Die Auswirkungen waren immens, finanziert der Irak doch fast seinen gesamten Staatsapparat aus den Öleinnahmen. Sein öffentlicher Sektor gehört zu den größten der Welt. Sieben Millionen Staatsbedienstete und Pensionäre bekommen staatliche Auszahlungen. In den letzten Monaten des Jahres 2020 war die Regierung in Bagdad nicht in der Lage, diese Gelder pünktlich zu zahlen - landesweite Proteste waren die Folge.

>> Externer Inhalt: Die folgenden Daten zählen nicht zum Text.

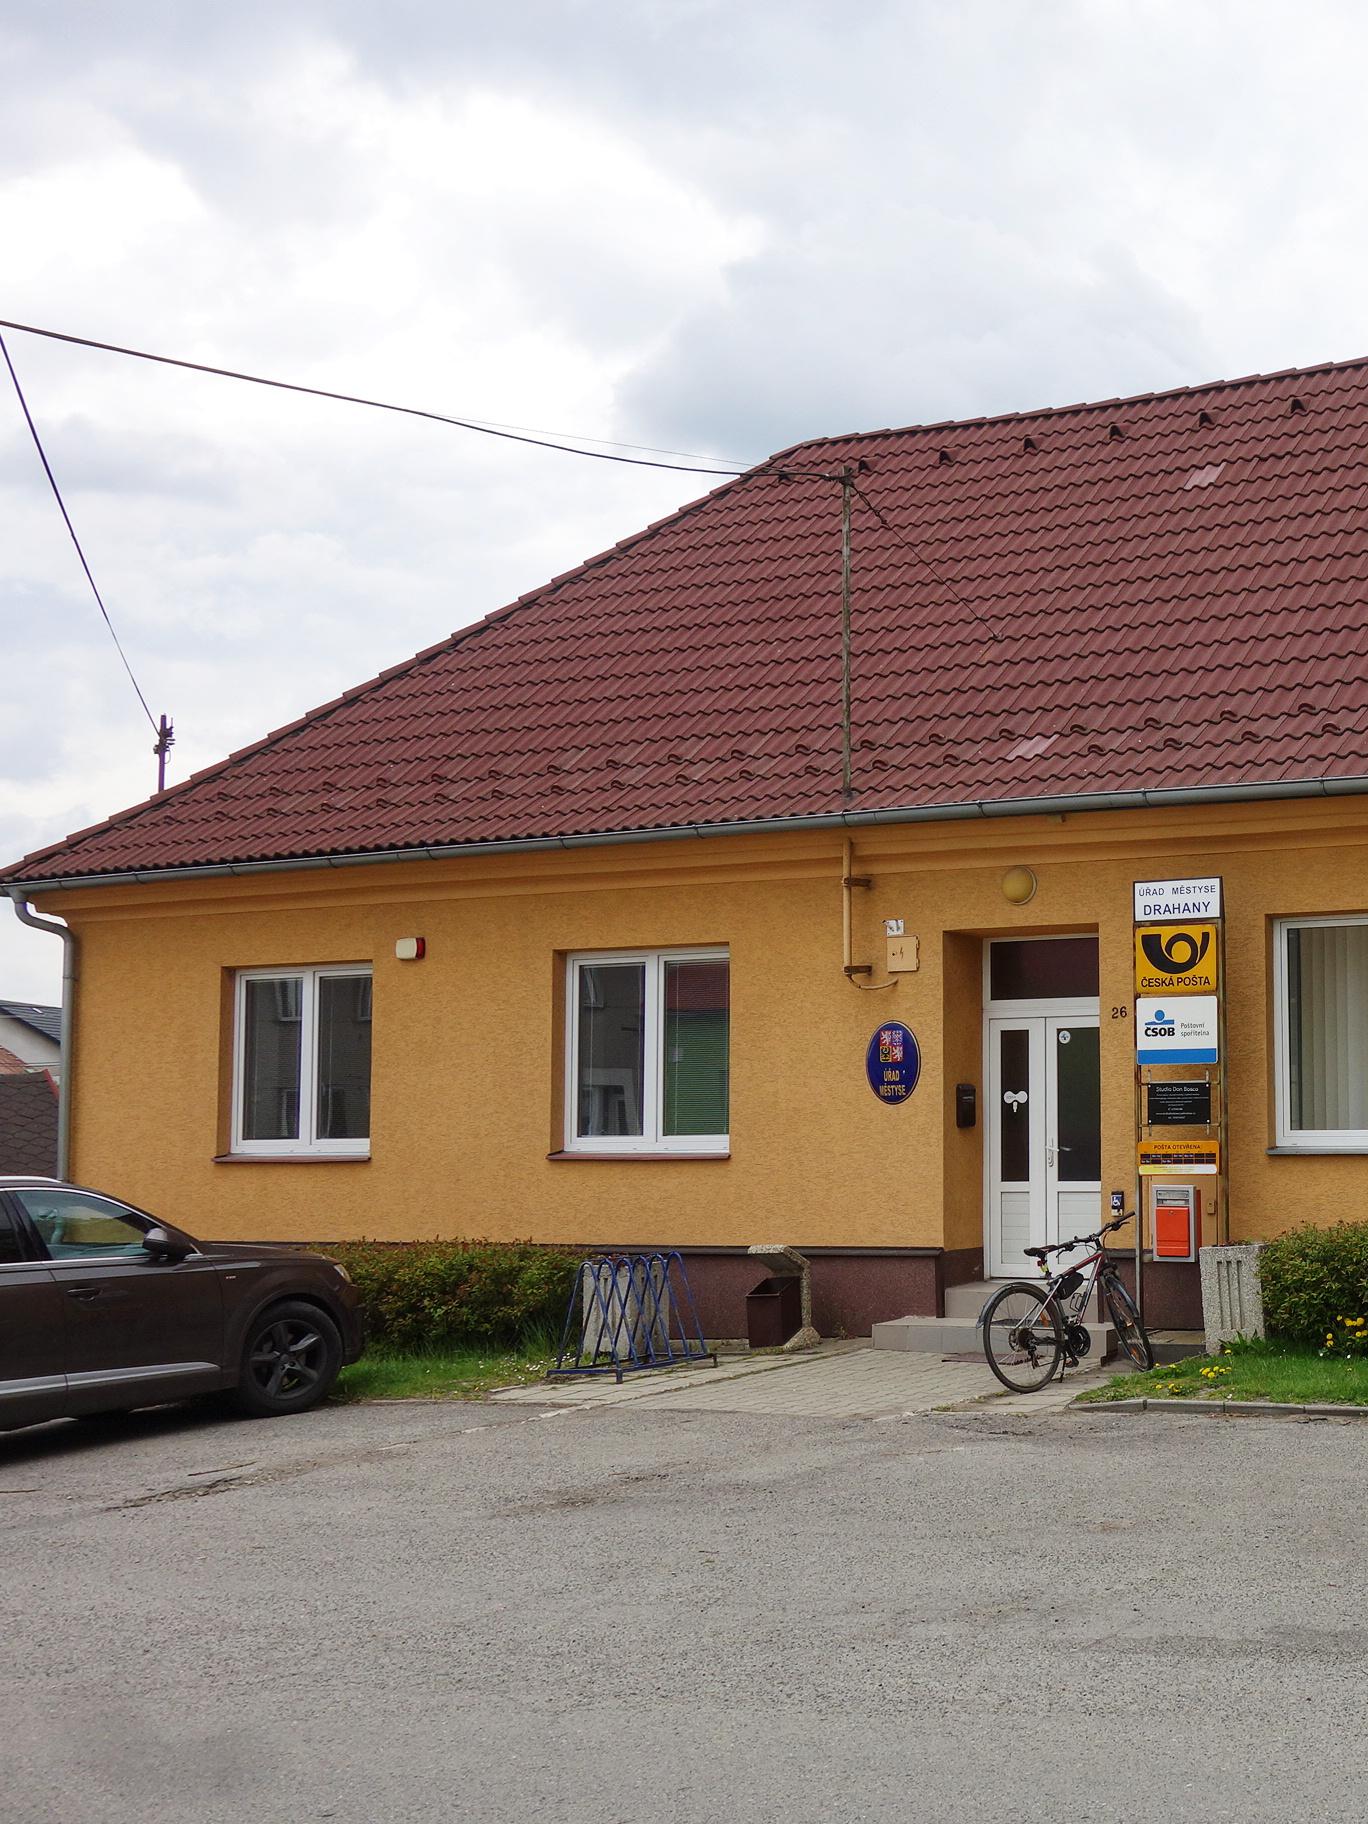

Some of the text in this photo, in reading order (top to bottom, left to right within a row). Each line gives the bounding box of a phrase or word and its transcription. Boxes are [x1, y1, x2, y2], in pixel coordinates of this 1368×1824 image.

[1138, 884, 1216, 897] ÚŘAD MĚSTYSE
[1143, 901, 1211, 916] DRAHANY
[1140, 974, 1211, 988] ČESKÁ POŠTA
[1111, 1006, 1128, 1019] 26
[1144, 1026, 1176, 1037] ČSOB

Im Oktober 2020 veröffentlichte das irakische Finanzministerium ein "Weißbuch für Wirtschaftsreformen". Darin wird eine Wirtschaftsreform dringend gefordert. Denn Öl ist keine sichere Bank mehr und wird über kurz oder lang als permanent sprudelnde Geldquelle versiegen, weil immer mehr Abnehmer auf umweltfreundlichere Energien umsteigen wollen.
Pläne für Reformen
Doch noch sieht es anders aus. Die russische Invasion in der Ukraine hat den Ölpreis weltweit auf neue Höchststände steigen lassen. Nach Angaben der Weltbank hat er sich zwischen Dezember und März, also bis nach Beginn des Ukraine-Kriegs, bereits um 55 Prozent erhöht.
Ein weiterer Anstieg ist möglich, nachdem die Europäische Union ein teilweises Embargo gegen Öl-Lieferungen aus Russland verhängt hat. Das bedeutet schlechte Aussichten für Verbraucher in Europa und ein absehbar gutes Geschäft für die Öl- und Gasförderländer am Persischen Golf wie Irak, Saudi-Arabien, Katar und die Vereinigten Arabischen Emirate.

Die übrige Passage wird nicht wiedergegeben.